======== The records

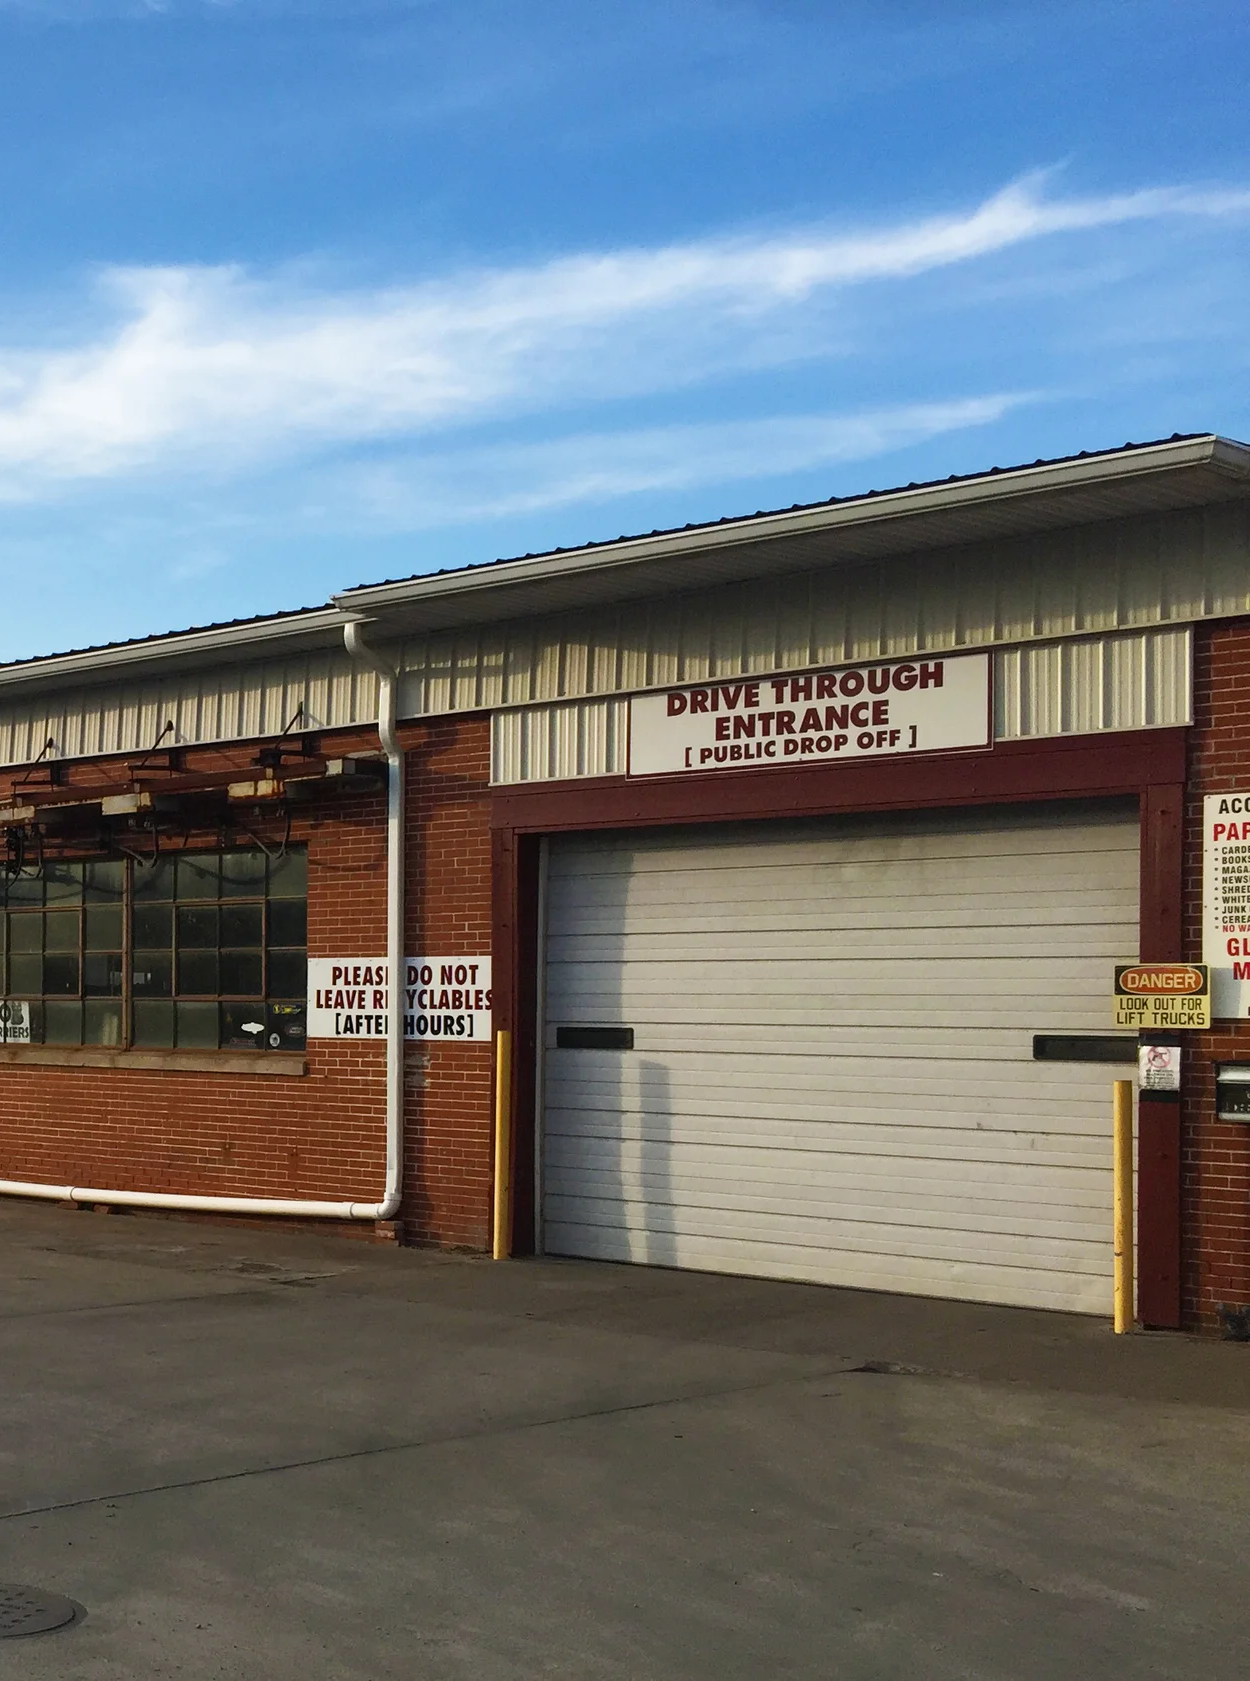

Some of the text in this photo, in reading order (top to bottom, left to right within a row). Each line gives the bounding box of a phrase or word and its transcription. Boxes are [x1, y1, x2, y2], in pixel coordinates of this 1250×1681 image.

[667, 661, 944, 717] DRIVE THROUGH
[715, 699, 890, 742] ENTRANCE
[700, 740, 776, 764] PUBLIC
[784, 734, 849, 756] DROP
[1222, 905, 1246, 914] JUNK
[1222, 924, 1235, 933] NO
[332, 964, 479, 986] PLEAS DO NOT
[1127, 973, 1196, 988] DANGER
[316, 989, 366, 1010] LEAVE
[1119, 997, 1202, 1011] LOOK OUT FOR
[1116, 1012, 1205, 1025] LIFT TRUCKS

================

Task details:
If a record contains a picture, leave the picture out and retype everything else exactly.

Solution to this problem:
Some of the text in this photo, in reading order (top to bottom, left to right within a row). Each line gives the bounding box of a phrase or word and its transcription. Boxes are [x1, y1, x2, y2], in pixel coordinates of this 1250×1681 image.

[667, 661, 944, 717] DRIVE THROUGH
[715, 699, 890, 742] ENTRANCE
[700, 740, 776, 764] PUBLIC
[784, 734, 849, 756] DROP
[1222, 905, 1246, 914] JUNK
[1222, 924, 1235, 933] NO
[332, 964, 479, 986] PLEAS DO NOT
[1127, 973, 1196, 988] DANGER
[316, 989, 366, 1010] LEAVE
[1119, 997, 1202, 1011] LOOK OUT FOR
[1116, 1012, 1205, 1025] LIFT TRUCKS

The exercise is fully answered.